→ Exercise prompt: Locate the line containing "this 1824×1760 image." in the data below. Reproduce it and every following line up to the end, exactly as given.

Extracted material Block Start

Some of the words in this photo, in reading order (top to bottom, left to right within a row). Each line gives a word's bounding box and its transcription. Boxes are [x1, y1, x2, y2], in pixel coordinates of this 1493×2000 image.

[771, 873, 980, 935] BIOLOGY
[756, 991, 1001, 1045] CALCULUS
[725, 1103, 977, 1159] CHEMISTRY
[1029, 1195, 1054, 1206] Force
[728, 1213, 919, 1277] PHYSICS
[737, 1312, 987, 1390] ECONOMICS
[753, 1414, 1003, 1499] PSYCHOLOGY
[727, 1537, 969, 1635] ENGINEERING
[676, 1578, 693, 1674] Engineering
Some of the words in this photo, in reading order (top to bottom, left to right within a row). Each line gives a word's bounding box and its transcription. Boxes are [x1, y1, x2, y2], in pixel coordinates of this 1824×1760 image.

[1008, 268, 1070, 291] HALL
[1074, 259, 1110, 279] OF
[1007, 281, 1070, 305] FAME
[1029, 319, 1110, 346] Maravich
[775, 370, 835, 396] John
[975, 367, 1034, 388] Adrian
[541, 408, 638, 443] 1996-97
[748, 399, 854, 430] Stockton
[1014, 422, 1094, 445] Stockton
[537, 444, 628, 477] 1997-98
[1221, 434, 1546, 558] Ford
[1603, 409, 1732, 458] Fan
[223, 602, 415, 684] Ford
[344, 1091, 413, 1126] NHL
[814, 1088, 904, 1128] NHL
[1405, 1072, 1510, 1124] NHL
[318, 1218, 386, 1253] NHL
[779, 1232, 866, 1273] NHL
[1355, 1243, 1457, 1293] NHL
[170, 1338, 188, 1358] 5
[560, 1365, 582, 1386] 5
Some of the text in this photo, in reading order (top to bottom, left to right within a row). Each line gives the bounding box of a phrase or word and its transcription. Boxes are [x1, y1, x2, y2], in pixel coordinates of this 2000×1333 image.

Extracted material Block End

→ Exercise result:
Some of the words in this photo, in reading order (top to bottom, left to right within a row). Each line gives a word's bounding box and its transcription. Boxes are [x1, y1, x2, y2], in pixel coordinates of this 1824×1760 image.

[1008, 268, 1070, 291] HALL
[1074, 259, 1110, 279] OF
[1007, 281, 1070, 305] FAME
[1029, 319, 1110, 346] Maravich
[775, 370, 835, 396] John
[975, 367, 1034, 388] Adrian
[541, 408, 638, 443] 1996-97
[748, 399, 854, 430] Stockton
[1014, 422, 1094, 445] Stockton
[537, 444, 628, 477] 1997-98
[1221, 434, 1546, 558] Ford
[1603, 409, 1732, 458] Fan
[223, 602, 415, 684] Ford
[344, 1091, 413, 1126] NHL
[814, 1088, 904, 1128] NHL
[1405, 1072, 1510, 1124] NHL
[318, 1218, 386, 1253] NHL
[779, 1232, 866, 1273] NHL
[1355, 1243, 1457, 1293] NHL
[170, 1338, 188, 1358] 5
[560, 1365, 582, 1386] 5
Some of the text in this photo, in reading order (top to bottom, left to right within a row). Each line gives the bounding box of a phrase or word and its transcription. Boxes are [x1, y1, x2, y2], in pixel coordinates of this 2000×1333 image.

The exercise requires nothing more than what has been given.